It's Recycle Awareness Week, making it a great time to catch up on recycling in the cosmetics industry.

Click through to read about the role of recycling in the cosmetics industry today.

Recycling week
Recycling week (Makiko Tanigawa/Getty Images)
Seacliff Beauty bringing next level of recycled plastic packaging to beauty
Seacliff Beauty bringing next level of recycled plastic packaging to beauty (Ulrike Schmitt-Hartmann/Getty Images)

While some packaging suppliers rely on offsets to claim to remove ocean plastic, Seacliff Beauty is doing it quite literally.

Seacliff Beauty became the exclusive beauty supplier for the #tide ocean material plastic resin earlier this year and the company has spent the time since at trade shows and online promoting the new packaging option.

Brian Saputo, executive vice president of Seacliff, told CosmeticsDesign the partnership is part of broader efforts to curb the flow of plastic packaging into the world's landfills and oceans.

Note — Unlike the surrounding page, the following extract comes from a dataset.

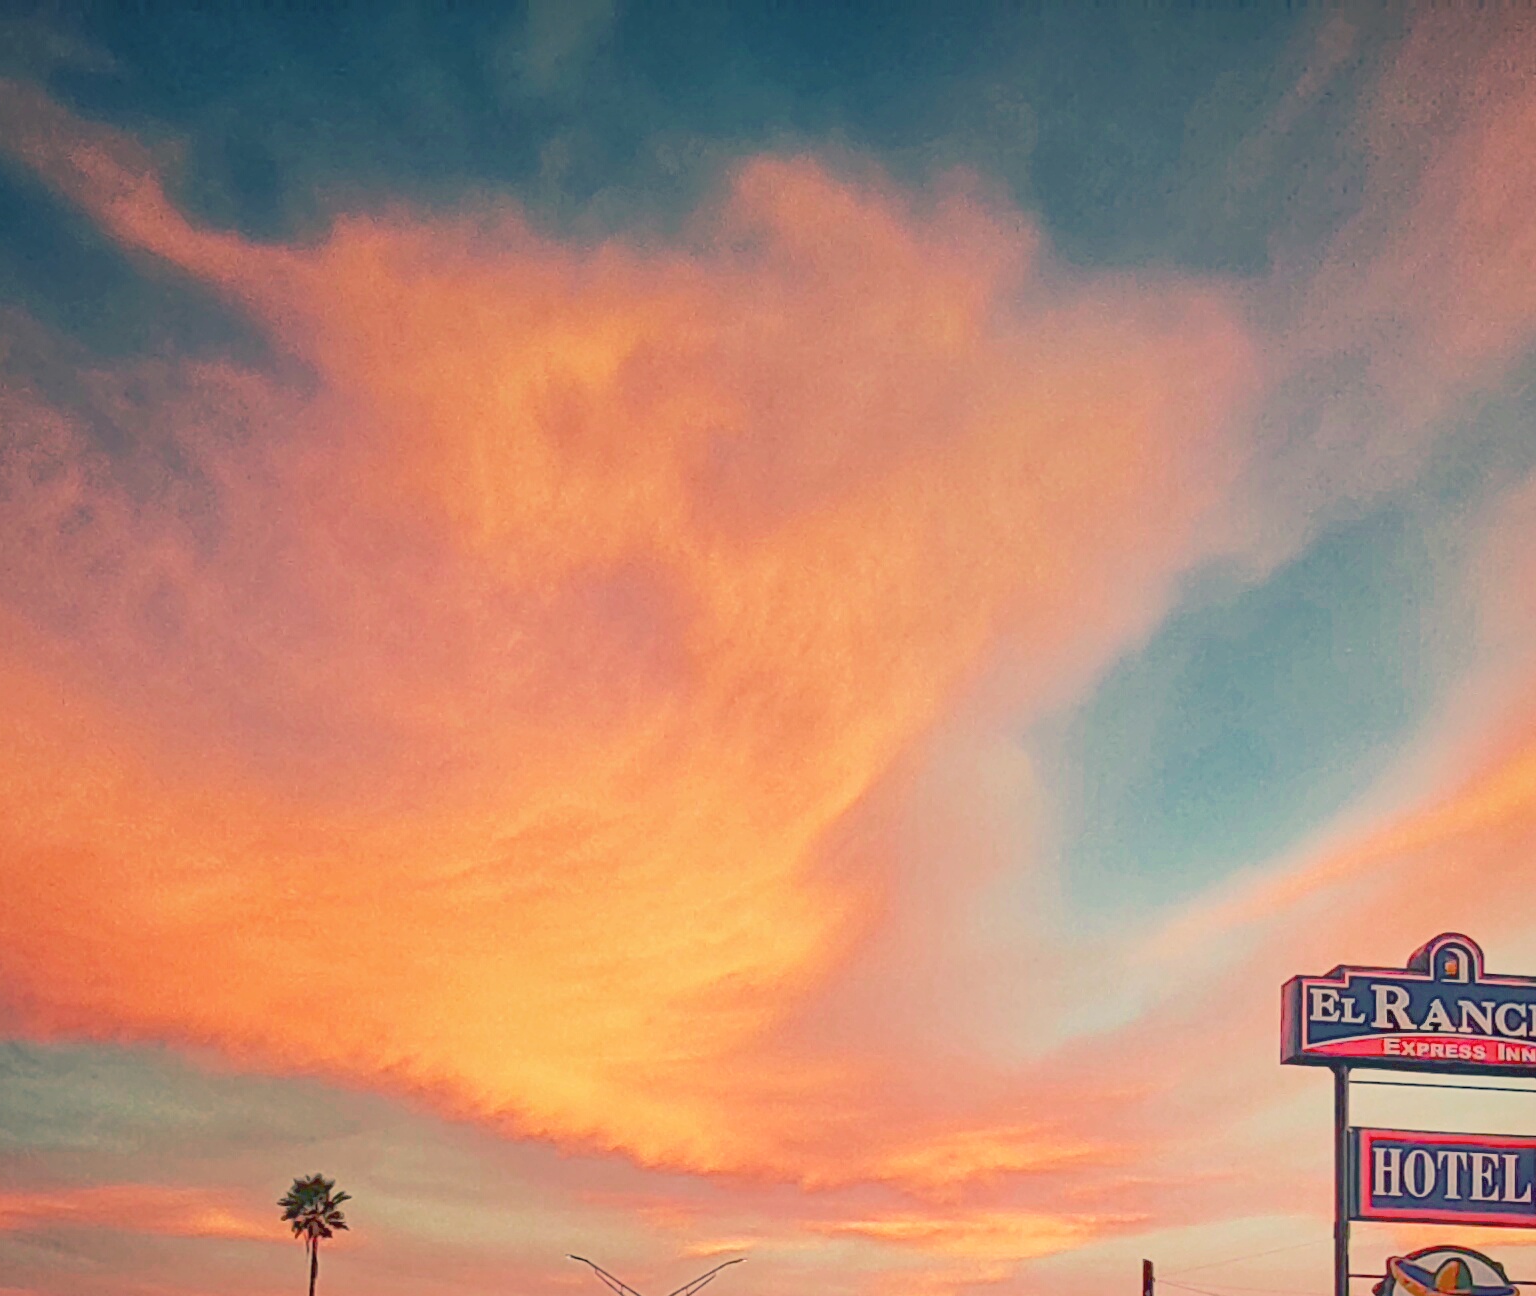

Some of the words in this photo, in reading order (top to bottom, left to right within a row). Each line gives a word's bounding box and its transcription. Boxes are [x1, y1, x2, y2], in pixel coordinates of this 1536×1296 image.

For Seacliff and #tide specifically, that means pulling plastic out of waters near Malaysia to be turned back into packaging.

“If you go up 40,000 feet, the problem that we're trying to solve is how to close the loop,” Saputo said. “It is finding a solution for an ongoing problem and trying to, no pun intended, stem the tide of all this plastic going into the ocean, how we collect it and bring it back into the consumer world.”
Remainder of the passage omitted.